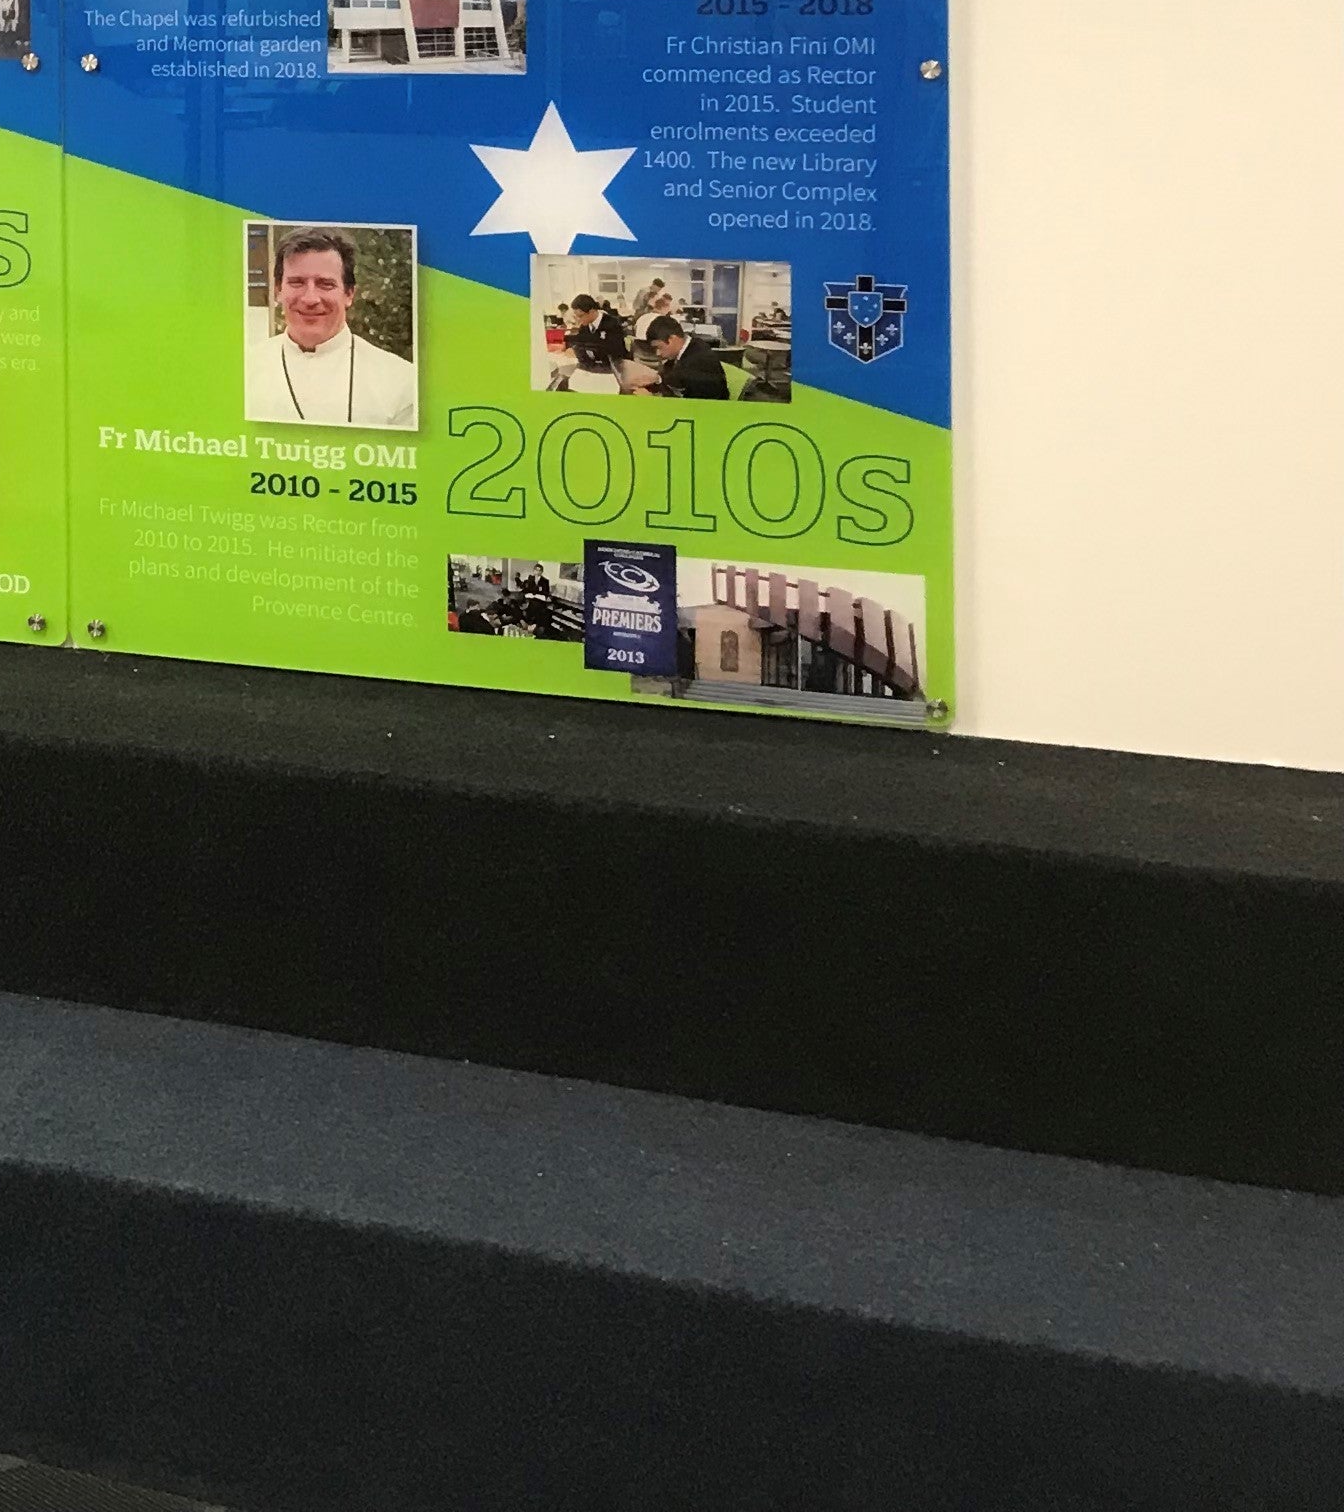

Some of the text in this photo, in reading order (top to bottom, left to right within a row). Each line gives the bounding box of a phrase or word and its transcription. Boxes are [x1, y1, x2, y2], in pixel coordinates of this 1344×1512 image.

[83, 9, 320, 29] The Chapel was refurbished
[136, 34, 321, 57] and Memorial garden
[667, 36, 875, 55] Fr Christian Fini OMI
[151, 60, 321, 78] established in 2018.
[642, 66, 876, 84] commenced as Rector
[700, 93, 876, 114] in 2015. Student
[650, 122, 875, 143] enrolments exceeded
[643, 150, 877, 177] 1400. The new Library
[663, 179, 877, 204] and Senior Complex
[708, 210, 876, 231] opened in 2018.
[98, 426, 416, 469] Fr Michael Twigg OMI
[446, 407, 914, 546] 2010s
[250, 472, 320, 497] 2010
[349, 479, 417, 505] 2015
[252, 595, 342, 620] Provence
[592, 608, 662, 632] PREMIERS
[607, 648, 644, 663] 2013
__________
#### [TASK BRIEF]
Once the pictures are set aside, retype the rest of the listing exactly.

#### [TASK ANSWER]
Some of the text in this photo, in reading order (top to bottom, left to right within a row). Each line gives the bounding box of a phrase or word and its transcription. Boxes are [x1, y1, x2, y2], in pixel coordinates of this 1344×1512 image.

[83, 9, 320, 29] The Chapel was refurbished
[136, 34, 321, 57] and Memorial garden
[667, 36, 875, 55] Fr Christian Fini OMI
[151, 60, 321, 78] established in 2018.
[642, 66, 876, 84] commenced as Rector
[700, 93, 876, 114] in 2015. Student
[650, 122, 875, 143] enrolments exceeded
[643, 150, 877, 177] 1400. The new Library
[663, 179, 877, 204] and Senior Complex
[708, 210, 876, 231] opened in 2018.
[98, 426, 416, 469] Fr Michael Twigg OMI
[446, 407, 914, 546] 2010s
[250, 472, 320, 497] 2010
[349, 479, 417, 505] 2015
[252, 595, 342, 620] Provence
[592, 608, 662, 632] PREMIERS
[607, 648, 644, 663] 2013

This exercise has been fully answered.